It’s amazing to think back to how email revolutionised communication last decade and how things have changed since then. Imagine attaching dozens of holiday photos to an email and firing it off to all your friends. What you’re more likely to do now is load them onto a social networking page or a photo sharing Web site, then invite other people to take a look.
Among the best of the photo websites are Shutterfly (www.shutterfly.com), Snapfish (www.snapfish.co.nz), Picasa (www.picasa.google.com), Zooomr (www.zooomr.com) and Flickr (www.flickr.com). Picasa is a downloadable application from Google, which you can also use to organise your photo collection - a real bonus if you have dozens of folders of photos gathering dust in My Pictures.
From there, you can create albums on the Web and share them with friends and family. Some sites (such as Shutterfly) go further, letting you share your scrapbook projects and collages, which you can also create on the site. On Picasa, Zooomr and Flickr you can form groups with other people to share photos. You can choose whether you want just to let certain people view your pics or make them available to all users.
It’s not just a useful way of getting your pics in front of your friends, either. There are a lot of really great photographs in the public areas of these sites, which should help if you’re new to photography and want to improve your skills. And there’s the back-up factor: you’re not going to lose your treasures if your hard drive dies.
Maybe photography is not your thing but you want to connect with other people around the world who share your interests. There are approximately a bazillion forums online and it shouldn’t be hard to find one that suits your interests and communication style. Some forums have more user-friendly interfaces than others, and you might need to look around to find one whose community is one you feel comfortable with.
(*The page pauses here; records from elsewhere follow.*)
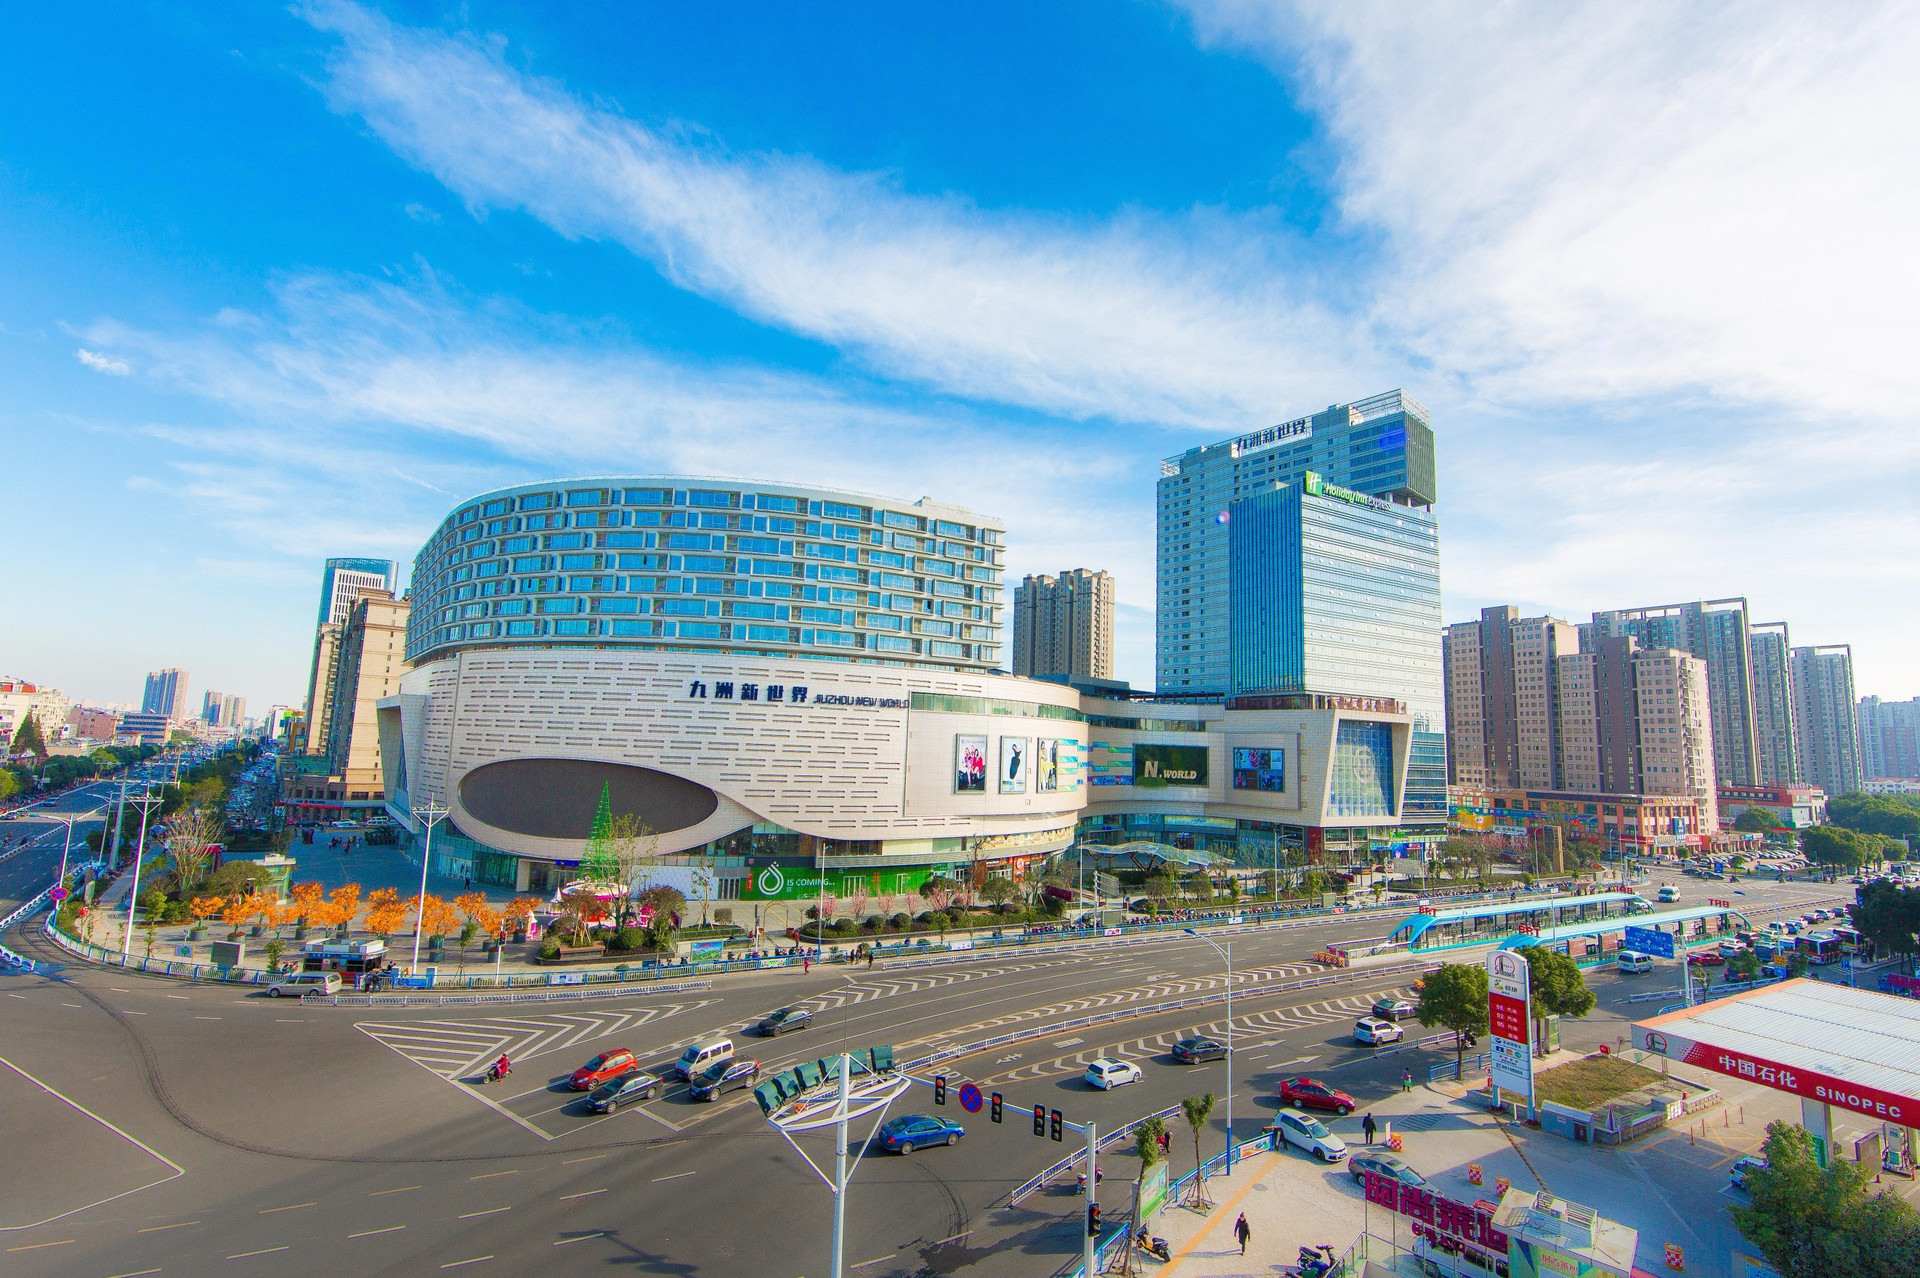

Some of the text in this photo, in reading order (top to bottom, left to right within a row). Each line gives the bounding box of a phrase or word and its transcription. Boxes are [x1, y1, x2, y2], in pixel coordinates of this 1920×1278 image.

[1236, 419, 1306, 451] 九洲新世界
[1325, 483, 1392, 510] Holiday Inn Express
[689, 681, 808, 702] 九洲新世界
[813, 694, 909, 709] JIUZHOU NEW WORLD
[787, 879, 794, 887] IS
[1419, 906, 1438, 917] BRT
[1518, 924, 1541, 938] BRT
[1719, 1055, 1798, 1089] 中国石化
[1815, 1086, 1903, 1119] SINOPEC
Many of the big newspapers and magazine sites have busy and useful forums. So if you want to share, say, recipes or cooking tips, you could join the forum on Taste magazine’s site (forum.taste.co.nz) or Foodlovers (www.foodlovers.co.nz/forum). There’s no reason to limit yourself to New Zealand sites, either; for cooking, check out one of the big international food forums, such as Epicurious (www.epicurious.com/community/forums) or the BBC (www.bbc.co.uk/dna/mbfood). Or perhaps you spend your leisure time game fishing, scrapbooking, knitting or chatting about your pet rabbit and want to meet people round the world who share your passion. You can take that a step further, too: give your rabbit its own page on a social networking site.
In New Zealand, Facebook dominates the social networking scene, with Bebo the popular choice for the younger set.
Facebook lets you chat, share photos and videos, play games and - the highlight for many people - satisfy your nosiness about what your old school friends and workmates are up to, and their marital status. You can search for people - by workplace or school if you like - and invite them to be your friend (and if that doesn’t take you back to the schoolyard, you’re missing something). You can do the same thing at local site Old Friends (www.oldfriends.co.nz), although it doesn’t have the features of true social networking, instead letting you get in touch with people by emailing them through the site.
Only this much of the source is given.